While your function could be rewritten as follow, where UN is the ensemble of unsigned int:

f:(UN,UN) -> UN
(x ∊ UN)(a ∊ UN)(b ∊ UN)(x = f(a,b)) => ( x=a && a>b || x=b )

Where symbol = is operator==(unsigned int,unsigned int), etc...

So the question reduces to know if the standard specifies that the mathematical structure(s) formed by the unsigned integer with C++ arithmetic operators and comparison operator is isomorphic to the matematical structures (classes,categories) formed by a closed subset of N with the common arithemtic operation and relations. I think the answer is yes, this is expressed in plain english:

C++14 standard,[expr.rel]/5 (Relational Operators)

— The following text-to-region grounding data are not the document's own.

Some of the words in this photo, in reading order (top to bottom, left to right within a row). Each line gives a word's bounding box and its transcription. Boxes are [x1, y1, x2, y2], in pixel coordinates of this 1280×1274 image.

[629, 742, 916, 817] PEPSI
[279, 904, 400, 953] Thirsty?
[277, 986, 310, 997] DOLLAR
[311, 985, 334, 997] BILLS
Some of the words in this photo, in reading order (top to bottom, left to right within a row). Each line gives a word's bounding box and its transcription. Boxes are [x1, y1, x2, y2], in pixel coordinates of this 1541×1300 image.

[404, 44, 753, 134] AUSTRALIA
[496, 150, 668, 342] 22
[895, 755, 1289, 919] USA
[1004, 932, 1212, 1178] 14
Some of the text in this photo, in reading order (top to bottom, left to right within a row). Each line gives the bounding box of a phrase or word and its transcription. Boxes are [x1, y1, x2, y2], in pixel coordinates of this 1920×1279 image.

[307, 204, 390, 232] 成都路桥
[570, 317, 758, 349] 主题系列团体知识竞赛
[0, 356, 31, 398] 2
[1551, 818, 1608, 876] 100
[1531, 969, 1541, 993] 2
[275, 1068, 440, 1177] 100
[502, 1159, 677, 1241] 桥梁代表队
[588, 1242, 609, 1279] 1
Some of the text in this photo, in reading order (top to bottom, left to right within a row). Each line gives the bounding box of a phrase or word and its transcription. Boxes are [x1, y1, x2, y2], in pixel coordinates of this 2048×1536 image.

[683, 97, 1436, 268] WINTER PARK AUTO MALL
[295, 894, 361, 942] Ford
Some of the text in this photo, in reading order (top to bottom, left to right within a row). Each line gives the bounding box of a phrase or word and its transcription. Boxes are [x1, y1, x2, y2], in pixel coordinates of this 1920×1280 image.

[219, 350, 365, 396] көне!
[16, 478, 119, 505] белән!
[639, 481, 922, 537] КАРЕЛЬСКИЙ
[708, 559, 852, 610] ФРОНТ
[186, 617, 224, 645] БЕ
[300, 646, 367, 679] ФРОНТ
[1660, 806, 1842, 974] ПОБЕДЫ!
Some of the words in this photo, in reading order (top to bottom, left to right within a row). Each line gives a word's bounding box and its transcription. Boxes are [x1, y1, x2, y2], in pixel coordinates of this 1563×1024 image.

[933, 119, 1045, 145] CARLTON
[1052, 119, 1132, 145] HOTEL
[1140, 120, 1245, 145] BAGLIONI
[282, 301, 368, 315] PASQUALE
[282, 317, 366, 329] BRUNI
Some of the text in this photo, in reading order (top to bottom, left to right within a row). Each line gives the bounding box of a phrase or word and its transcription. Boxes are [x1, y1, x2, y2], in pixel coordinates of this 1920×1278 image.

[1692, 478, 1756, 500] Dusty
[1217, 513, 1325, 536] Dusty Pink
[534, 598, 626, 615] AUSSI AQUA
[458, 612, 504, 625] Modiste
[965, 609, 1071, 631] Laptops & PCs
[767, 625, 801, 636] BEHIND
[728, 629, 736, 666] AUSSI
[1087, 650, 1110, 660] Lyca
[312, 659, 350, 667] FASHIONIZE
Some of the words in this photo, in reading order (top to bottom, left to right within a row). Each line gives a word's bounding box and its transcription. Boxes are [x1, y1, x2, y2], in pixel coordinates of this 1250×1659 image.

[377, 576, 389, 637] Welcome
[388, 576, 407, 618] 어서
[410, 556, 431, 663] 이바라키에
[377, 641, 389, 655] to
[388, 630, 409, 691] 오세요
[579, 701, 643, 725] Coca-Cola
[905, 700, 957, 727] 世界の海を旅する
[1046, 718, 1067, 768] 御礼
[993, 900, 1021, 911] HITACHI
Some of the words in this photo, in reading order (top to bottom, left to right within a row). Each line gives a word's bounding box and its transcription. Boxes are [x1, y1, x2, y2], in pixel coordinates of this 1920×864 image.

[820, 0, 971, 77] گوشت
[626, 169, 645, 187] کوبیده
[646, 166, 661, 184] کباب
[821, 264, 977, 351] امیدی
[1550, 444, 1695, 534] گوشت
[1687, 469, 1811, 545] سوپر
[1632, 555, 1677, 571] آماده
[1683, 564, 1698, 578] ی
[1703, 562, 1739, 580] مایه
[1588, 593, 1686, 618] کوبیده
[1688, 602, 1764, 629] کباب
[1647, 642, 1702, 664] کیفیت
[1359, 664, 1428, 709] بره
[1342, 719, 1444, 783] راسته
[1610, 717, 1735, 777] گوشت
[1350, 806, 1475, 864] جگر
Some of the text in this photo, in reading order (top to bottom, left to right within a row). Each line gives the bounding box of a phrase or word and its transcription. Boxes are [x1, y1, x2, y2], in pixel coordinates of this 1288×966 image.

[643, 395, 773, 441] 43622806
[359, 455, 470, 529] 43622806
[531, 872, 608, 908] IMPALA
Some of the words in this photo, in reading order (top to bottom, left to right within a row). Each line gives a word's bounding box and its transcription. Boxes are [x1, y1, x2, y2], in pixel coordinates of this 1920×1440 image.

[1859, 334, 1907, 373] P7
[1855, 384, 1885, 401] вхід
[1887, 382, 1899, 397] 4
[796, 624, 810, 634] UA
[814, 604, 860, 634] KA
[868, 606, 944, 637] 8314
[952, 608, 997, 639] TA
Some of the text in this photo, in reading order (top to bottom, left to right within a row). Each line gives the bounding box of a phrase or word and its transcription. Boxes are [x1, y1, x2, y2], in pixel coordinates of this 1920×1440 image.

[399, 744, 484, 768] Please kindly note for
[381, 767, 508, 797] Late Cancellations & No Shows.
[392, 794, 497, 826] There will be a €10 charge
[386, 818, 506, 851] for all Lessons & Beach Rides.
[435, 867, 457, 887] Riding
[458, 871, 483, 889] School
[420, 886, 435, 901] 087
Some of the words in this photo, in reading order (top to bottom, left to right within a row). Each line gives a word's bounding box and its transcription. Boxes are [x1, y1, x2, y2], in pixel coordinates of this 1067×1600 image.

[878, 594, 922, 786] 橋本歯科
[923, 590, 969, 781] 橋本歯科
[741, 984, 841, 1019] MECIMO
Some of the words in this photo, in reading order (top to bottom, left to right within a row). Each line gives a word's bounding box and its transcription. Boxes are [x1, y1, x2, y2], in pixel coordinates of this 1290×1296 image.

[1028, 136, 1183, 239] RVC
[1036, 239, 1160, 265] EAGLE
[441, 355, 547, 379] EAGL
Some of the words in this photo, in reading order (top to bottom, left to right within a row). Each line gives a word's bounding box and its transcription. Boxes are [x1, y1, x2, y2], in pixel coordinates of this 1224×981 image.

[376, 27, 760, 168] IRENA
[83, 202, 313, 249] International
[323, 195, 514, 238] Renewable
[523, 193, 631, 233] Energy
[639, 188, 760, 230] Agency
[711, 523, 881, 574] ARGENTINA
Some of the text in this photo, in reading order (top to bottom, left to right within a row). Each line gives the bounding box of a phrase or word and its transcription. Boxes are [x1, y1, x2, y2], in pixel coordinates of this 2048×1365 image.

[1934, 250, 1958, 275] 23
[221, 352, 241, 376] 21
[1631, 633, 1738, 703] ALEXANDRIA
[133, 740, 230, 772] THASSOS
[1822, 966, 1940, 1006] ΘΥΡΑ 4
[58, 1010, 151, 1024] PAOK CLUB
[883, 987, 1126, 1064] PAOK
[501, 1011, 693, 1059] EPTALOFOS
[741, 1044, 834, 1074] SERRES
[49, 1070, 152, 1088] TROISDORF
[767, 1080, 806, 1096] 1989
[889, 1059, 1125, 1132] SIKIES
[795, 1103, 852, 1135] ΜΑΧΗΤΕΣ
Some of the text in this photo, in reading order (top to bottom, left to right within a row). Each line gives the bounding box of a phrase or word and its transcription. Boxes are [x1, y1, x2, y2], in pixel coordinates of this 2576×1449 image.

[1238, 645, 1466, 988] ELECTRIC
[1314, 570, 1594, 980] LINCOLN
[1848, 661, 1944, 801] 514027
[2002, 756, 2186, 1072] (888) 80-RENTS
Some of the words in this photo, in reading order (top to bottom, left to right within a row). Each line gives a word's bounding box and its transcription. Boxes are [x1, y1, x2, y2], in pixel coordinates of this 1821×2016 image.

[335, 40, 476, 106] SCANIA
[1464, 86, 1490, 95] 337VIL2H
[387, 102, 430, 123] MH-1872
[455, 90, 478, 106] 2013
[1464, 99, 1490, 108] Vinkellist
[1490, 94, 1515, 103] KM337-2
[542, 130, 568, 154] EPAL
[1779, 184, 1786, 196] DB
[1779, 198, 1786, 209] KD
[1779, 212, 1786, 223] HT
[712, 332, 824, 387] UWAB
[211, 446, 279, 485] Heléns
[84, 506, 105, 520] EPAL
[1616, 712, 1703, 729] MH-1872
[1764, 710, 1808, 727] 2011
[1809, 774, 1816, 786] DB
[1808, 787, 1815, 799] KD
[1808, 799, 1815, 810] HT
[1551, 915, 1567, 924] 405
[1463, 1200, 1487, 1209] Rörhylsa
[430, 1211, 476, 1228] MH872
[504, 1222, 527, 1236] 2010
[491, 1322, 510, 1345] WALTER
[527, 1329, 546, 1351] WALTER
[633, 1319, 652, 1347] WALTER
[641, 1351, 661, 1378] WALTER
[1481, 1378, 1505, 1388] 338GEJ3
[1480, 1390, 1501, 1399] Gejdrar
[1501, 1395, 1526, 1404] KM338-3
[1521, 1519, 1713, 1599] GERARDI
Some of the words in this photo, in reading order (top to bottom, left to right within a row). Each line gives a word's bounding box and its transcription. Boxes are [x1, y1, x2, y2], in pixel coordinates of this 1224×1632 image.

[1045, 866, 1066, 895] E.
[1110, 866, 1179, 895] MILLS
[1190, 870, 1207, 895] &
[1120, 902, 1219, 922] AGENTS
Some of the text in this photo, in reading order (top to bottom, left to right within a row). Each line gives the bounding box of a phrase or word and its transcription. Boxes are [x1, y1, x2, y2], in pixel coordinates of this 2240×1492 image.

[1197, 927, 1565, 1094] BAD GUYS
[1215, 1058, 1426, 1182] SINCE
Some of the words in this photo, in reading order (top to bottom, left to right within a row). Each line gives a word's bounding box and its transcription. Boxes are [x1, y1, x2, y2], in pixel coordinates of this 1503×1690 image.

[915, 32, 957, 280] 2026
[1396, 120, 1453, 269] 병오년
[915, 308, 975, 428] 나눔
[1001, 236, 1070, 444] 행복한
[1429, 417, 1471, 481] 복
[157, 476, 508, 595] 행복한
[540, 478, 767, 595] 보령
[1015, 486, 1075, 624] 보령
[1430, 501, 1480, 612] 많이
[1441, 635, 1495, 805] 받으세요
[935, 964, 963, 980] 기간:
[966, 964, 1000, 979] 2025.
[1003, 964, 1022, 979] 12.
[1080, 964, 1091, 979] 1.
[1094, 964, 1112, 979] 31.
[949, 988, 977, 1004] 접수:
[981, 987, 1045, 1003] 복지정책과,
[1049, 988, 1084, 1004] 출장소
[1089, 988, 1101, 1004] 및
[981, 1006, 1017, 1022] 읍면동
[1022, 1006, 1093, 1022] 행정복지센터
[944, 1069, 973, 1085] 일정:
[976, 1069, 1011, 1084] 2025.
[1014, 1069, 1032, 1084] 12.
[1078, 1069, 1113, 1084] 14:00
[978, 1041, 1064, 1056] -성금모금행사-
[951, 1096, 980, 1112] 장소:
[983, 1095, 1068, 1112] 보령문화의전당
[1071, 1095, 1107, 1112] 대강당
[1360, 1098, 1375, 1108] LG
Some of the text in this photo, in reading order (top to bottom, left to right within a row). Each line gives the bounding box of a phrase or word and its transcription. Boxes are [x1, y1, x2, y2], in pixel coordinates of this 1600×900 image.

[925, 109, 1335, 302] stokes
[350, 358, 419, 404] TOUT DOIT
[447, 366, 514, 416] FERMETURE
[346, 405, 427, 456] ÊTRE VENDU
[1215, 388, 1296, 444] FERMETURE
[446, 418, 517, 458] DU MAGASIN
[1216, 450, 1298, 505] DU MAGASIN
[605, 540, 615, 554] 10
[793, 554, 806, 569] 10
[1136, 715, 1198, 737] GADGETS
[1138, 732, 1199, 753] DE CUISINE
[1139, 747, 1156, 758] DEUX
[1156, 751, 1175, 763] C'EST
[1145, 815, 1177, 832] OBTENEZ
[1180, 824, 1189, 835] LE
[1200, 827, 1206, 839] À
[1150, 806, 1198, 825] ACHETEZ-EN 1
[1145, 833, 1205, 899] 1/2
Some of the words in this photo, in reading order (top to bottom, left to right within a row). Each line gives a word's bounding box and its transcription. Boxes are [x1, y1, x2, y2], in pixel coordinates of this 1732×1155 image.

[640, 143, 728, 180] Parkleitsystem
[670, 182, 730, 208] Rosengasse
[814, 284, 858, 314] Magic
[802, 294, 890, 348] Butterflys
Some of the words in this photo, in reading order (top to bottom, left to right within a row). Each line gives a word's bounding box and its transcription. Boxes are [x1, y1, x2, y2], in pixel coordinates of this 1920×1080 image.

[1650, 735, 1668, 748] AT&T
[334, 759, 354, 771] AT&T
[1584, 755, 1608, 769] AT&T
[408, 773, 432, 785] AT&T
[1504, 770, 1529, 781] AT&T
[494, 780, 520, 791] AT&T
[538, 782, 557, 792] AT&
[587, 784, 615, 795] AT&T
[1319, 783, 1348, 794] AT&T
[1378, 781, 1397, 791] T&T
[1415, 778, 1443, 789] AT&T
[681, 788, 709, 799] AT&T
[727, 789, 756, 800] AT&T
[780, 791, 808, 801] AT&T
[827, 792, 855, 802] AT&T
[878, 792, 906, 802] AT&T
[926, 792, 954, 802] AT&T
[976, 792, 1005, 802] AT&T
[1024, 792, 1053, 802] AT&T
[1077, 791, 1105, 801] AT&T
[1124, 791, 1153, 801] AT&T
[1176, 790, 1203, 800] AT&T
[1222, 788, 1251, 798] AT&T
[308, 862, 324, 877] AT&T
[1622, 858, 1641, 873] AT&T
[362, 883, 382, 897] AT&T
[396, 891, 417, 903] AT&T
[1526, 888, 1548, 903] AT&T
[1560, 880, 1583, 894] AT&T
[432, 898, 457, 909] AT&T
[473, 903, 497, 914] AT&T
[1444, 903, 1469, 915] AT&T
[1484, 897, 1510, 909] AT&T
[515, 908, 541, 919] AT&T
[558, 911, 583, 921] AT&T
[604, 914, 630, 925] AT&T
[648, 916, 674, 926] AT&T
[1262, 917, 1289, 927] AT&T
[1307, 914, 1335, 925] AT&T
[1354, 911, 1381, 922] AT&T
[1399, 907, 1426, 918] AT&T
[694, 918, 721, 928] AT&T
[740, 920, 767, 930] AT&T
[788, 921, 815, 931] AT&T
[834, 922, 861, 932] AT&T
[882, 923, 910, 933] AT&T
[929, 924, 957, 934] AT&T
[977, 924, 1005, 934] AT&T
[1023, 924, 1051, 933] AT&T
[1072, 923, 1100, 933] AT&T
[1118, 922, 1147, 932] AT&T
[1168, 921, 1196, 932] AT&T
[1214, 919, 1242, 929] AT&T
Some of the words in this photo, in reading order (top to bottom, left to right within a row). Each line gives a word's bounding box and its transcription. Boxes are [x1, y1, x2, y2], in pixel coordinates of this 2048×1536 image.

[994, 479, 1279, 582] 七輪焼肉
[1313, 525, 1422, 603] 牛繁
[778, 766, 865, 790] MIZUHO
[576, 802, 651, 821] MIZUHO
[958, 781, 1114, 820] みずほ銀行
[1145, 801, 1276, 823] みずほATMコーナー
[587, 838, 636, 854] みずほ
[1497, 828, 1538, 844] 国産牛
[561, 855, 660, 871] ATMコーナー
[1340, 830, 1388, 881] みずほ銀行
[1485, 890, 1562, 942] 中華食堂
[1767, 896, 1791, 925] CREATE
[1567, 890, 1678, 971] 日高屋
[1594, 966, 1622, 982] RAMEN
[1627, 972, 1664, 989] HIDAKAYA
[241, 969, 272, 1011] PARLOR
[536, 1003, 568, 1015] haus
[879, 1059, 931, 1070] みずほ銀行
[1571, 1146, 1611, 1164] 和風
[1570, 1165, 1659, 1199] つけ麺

If both operands (after conversions) are of arithmetic or enumeration type, each of the operators shall yield true if the specified relationship is true and false if it is false.

C++14 standard, [basic.fundamental]/4 (Fundamental Types)

Unsigned integers shall obey the laws of arithmetic modulo 2n where n is the number of bits in the value representation of that particular size of integer.

Then you could also proove that ({true,false},&&,||) is also isomorphic to boolean arithmetic by analysing the text in [expr.log.and] and [expr.log.or]

---

I do not think that you should go further than showing that there is this isomorphism because further would mean demonstrating axioms.

Answer 2

It appears to me that the easiest solution is to prove this backwards. If the first argument to f is the maximum argument, prove that the first argument is returned (fairly easy - the maximum argument a is by definition bigger than b). If the second argument is the maximum argument, prove that the second argument is returned. If the two are equal, show that there is no unique maximum element, so the second argument is still a maximum argument.

Finally, prove that these three options are exhaustive. If a unique maximum argument is passed, it must be passed either as the first or the second argument, since f is binary.

Answer 3

I am unsure about what you want. Looking at a previous version, N3337, we can easily see that almost everything is specified:

• a and b starts with the calling values (Function 5.2.2 - 4)
• Calling a function executes the compound statement of the function body (Obvious, but where?)
• The statements are normally executed in order (Statements 6)
• If-statements execute the first sub-statement if condition is true (The If Statement 6.4.1)
• Relations actually work as expected (Relation operators 5.9 - 5)
• The return-statement returns the value to the caller of the function (The return statement 6.6.3)

However, you attempt to start with f(expr_a, expr_b); and evaluating the arguments to f potentially requires a lot more; especially since they are not sequenced - and could be any function-call.